The treatment plan is defined by the doctor, for each patient individually, taking into account the particular characteristics of the patient.
Frequently asked questions
What does a bone density scan for osteoporosis show?
Bone density measurement will show the normal or abnormal values that may indicate osteoporosis. It is the only test that provides a safe diagnosis of the disease. The lower the value of bone density, the greater the risk of fracture.
The test shows how weak the bones are, assesses the risk of fracture in the near future, and evaluates whether the bone mass is improving or getting worse.

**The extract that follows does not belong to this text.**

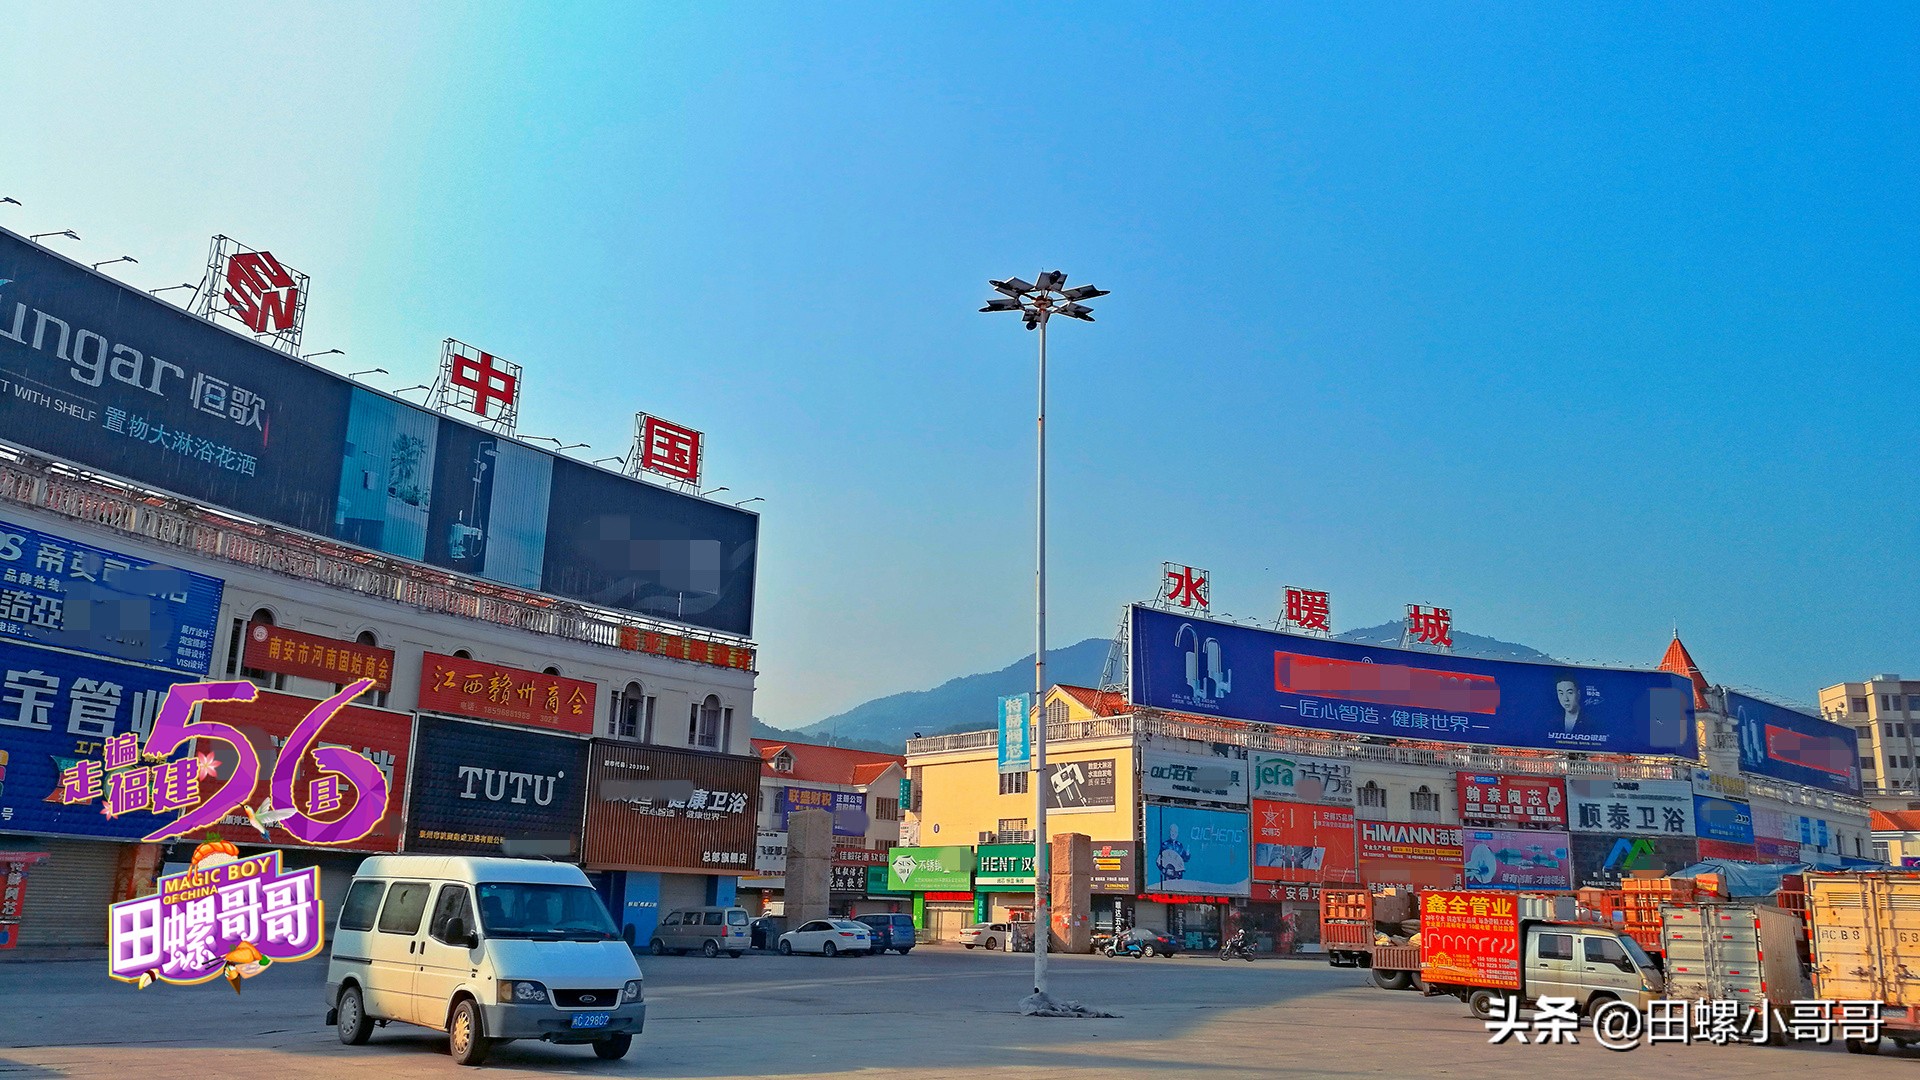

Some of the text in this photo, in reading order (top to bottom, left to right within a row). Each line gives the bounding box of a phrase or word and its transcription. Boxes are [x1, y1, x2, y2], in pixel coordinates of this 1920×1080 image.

The bone density test should be repeated every two years in patients already on medication.
What happens when there is osteopenia and what are the differences between osteopenia and osteoporosis?
If your doctor tells you that you have osteopenia, it means that the bone density is low but not so low that you can be diagnosed with osteoporosis. Osteopenia does not necessarily mean that you are losing bone mass, you may simply be in the category of those whose bone mass has always been low. That is, for your body this value may be normal. This category includes people with reduced bone density due to genetic factors or people with a special body type or with specific diseases.
In case of osteopenia, a second measurement of bone mass should be performed. The doctor will compare the two results and assess whether there is indeed a loss of bone mass or whether this value found in the first measurement is stable. Sometimes a 2nd and a 3rd measurement may be needed for the doctor to decide whether or not you need medication.
What is the primary prevention of osteoporosis?
A careful diet depending on gender and age is crucial for preventing osteoporosis. Getting the right amount of calcium and vitamin D is very important, along with an exercise program.
The regulation of hormones in cases of premature menopause or amenorrhea for a long time is necessary.
Particular care must be taken in order to maintain a normal body weight and quit smoking.
Finally, in cases where cortisone is required, it should be done according to the instructions of the treating physician and in very carefully measured quantities.